GIVEN ENTRIES:
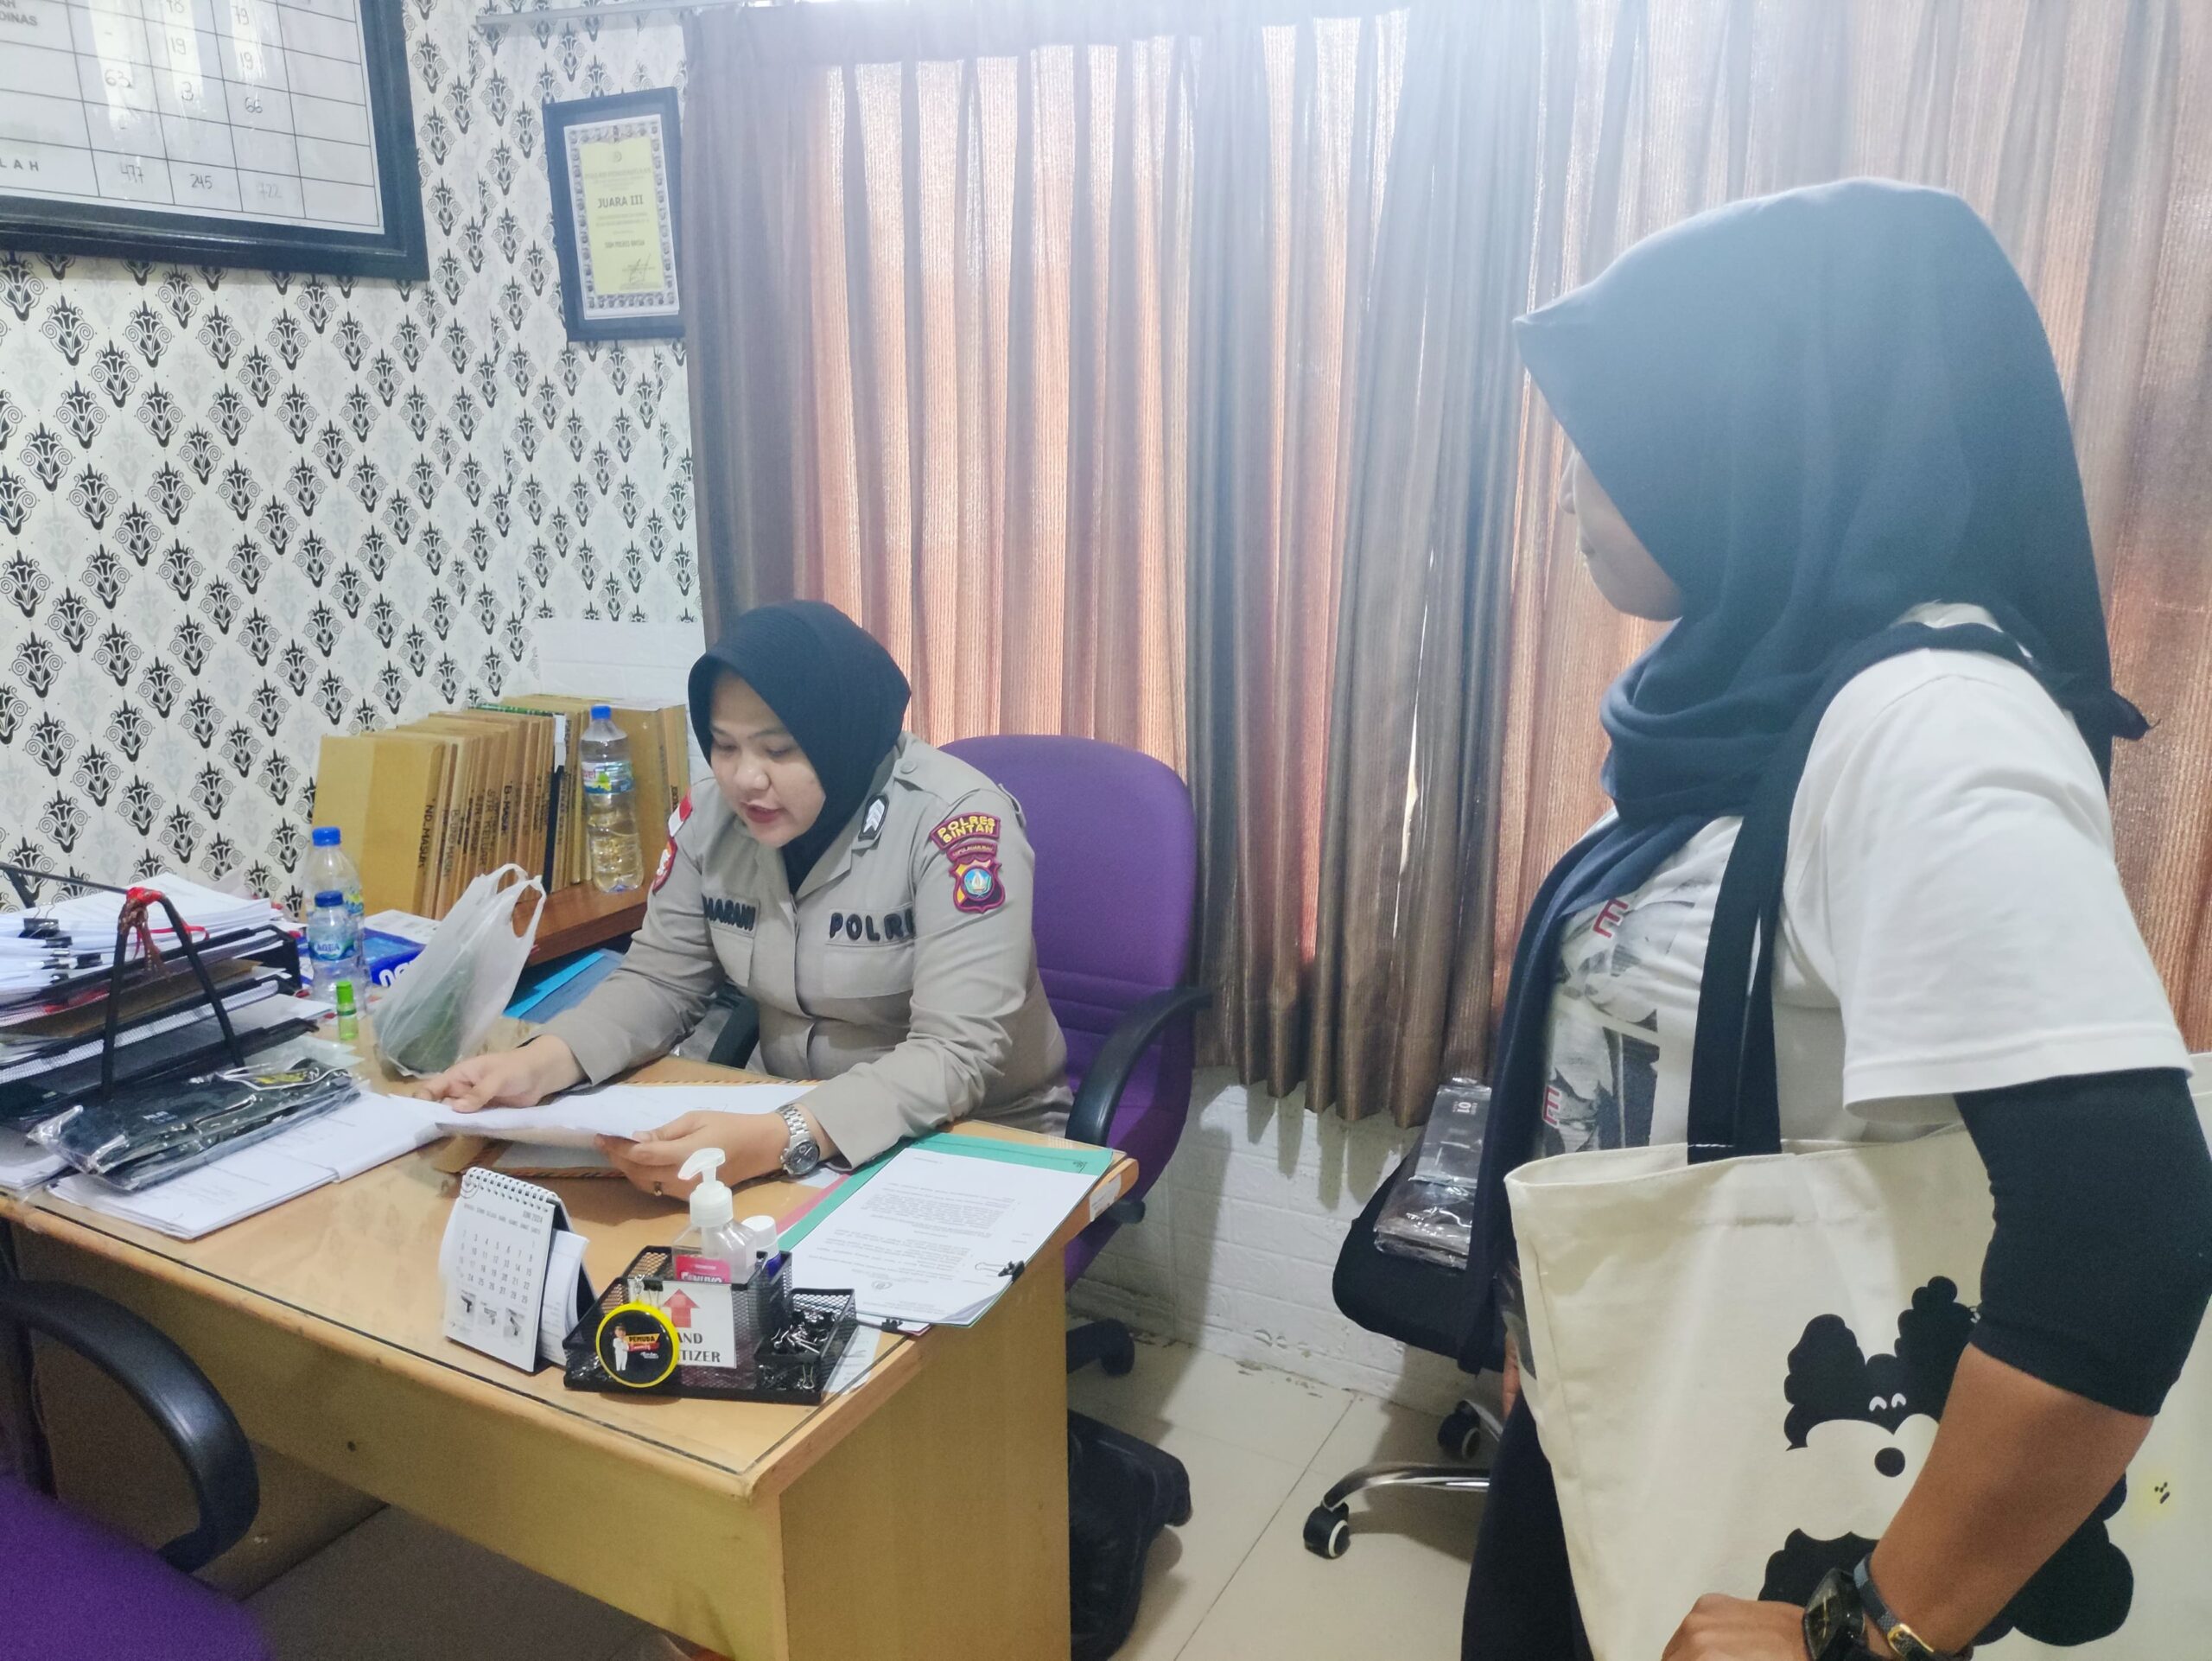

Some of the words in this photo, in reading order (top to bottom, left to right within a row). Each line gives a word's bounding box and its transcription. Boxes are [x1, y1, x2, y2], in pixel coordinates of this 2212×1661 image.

[189, 173, 213, 190] 245
[597, 195, 628, 209] JUARA
[630, 194, 645, 206] III
[938, 816, 995, 838] POLRES
[943, 824, 995, 843] BINTAN
[830, 908, 914, 942] POLRI
[679, 1349, 721, 1363] TIZER

ACTION ITEM: Although the entries contain pictures, copy everything else in them exactly.

SOLUTION TO THE EXERCISE:
Some of the words in this photo, in reading order (top to bottom, left to right within a row). Each line gives a word's bounding box and its transcription. Boxes are [x1, y1, x2, y2], in pixel coordinates of this 2212×1661 image.

[189, 173, 213, 190] 245
[597, 195, 628, 209] JUARA
[630, 194, 645, 206] III
[938, 816, 995, 838] POLRES
[943, 824, 995, 843] BINTAN
[830, 908, 914, 942] POLRI
[679, 1349, 721, 1363] TIZER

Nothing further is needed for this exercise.